### The problem
Leave no picture in, and give every entry again exactly.

(Images for object localization)
>>>>>
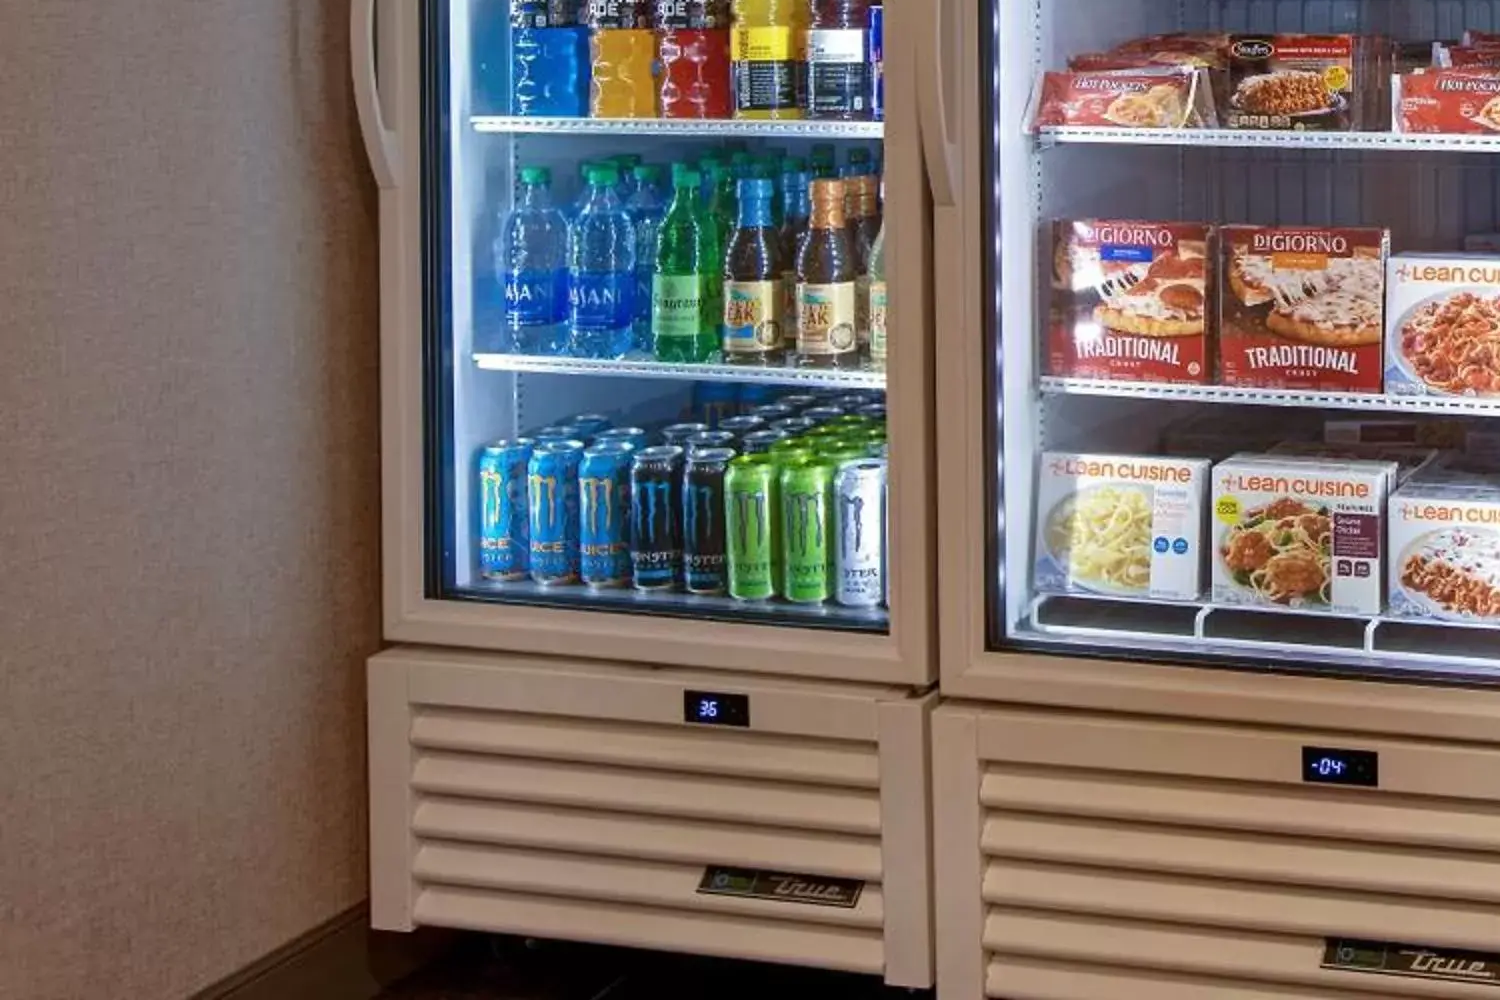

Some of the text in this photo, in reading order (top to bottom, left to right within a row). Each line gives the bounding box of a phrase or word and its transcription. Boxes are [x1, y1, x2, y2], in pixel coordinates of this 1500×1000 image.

[1413, 264, 1465, 283] Lean
[569, 286, 623, 306] ASANI
[1075, 336, 1181, 367] TRADITIONAL
[1245, 345, 1360, 376] TRADITIONAL
[1064, 459, 1193, 483] Lean cuisine
[1237, 474, 1370, 499] Lean cuisine
[1413, 505, 1463, 521] Lean
[699, 700, 718, 717] 36
<<<<<
### Exercise solution
Some of the text in this photo, in reading order (top to bottom, left to right within a row). Each line gives the bounding box of a phrase or word and its transcription. Boxes are [x1, y1, x2, y2], in pixel coordinates of this 1500×1000 image.

[1413, 264, 1465, 283] Lean
[569, 286, 623, 306] ASANI
[1075, 336, 1181, 367] TRADITIONAL
[1245, 345, 1360, 376] TRADITIONAL
[1064, 459, 1193, 483] Lean cuisine
[1237, 474, 1370, 499] Lean cuisine
[1413, 505, 1463, 521] Lean
[699, 700, 718, 717] 36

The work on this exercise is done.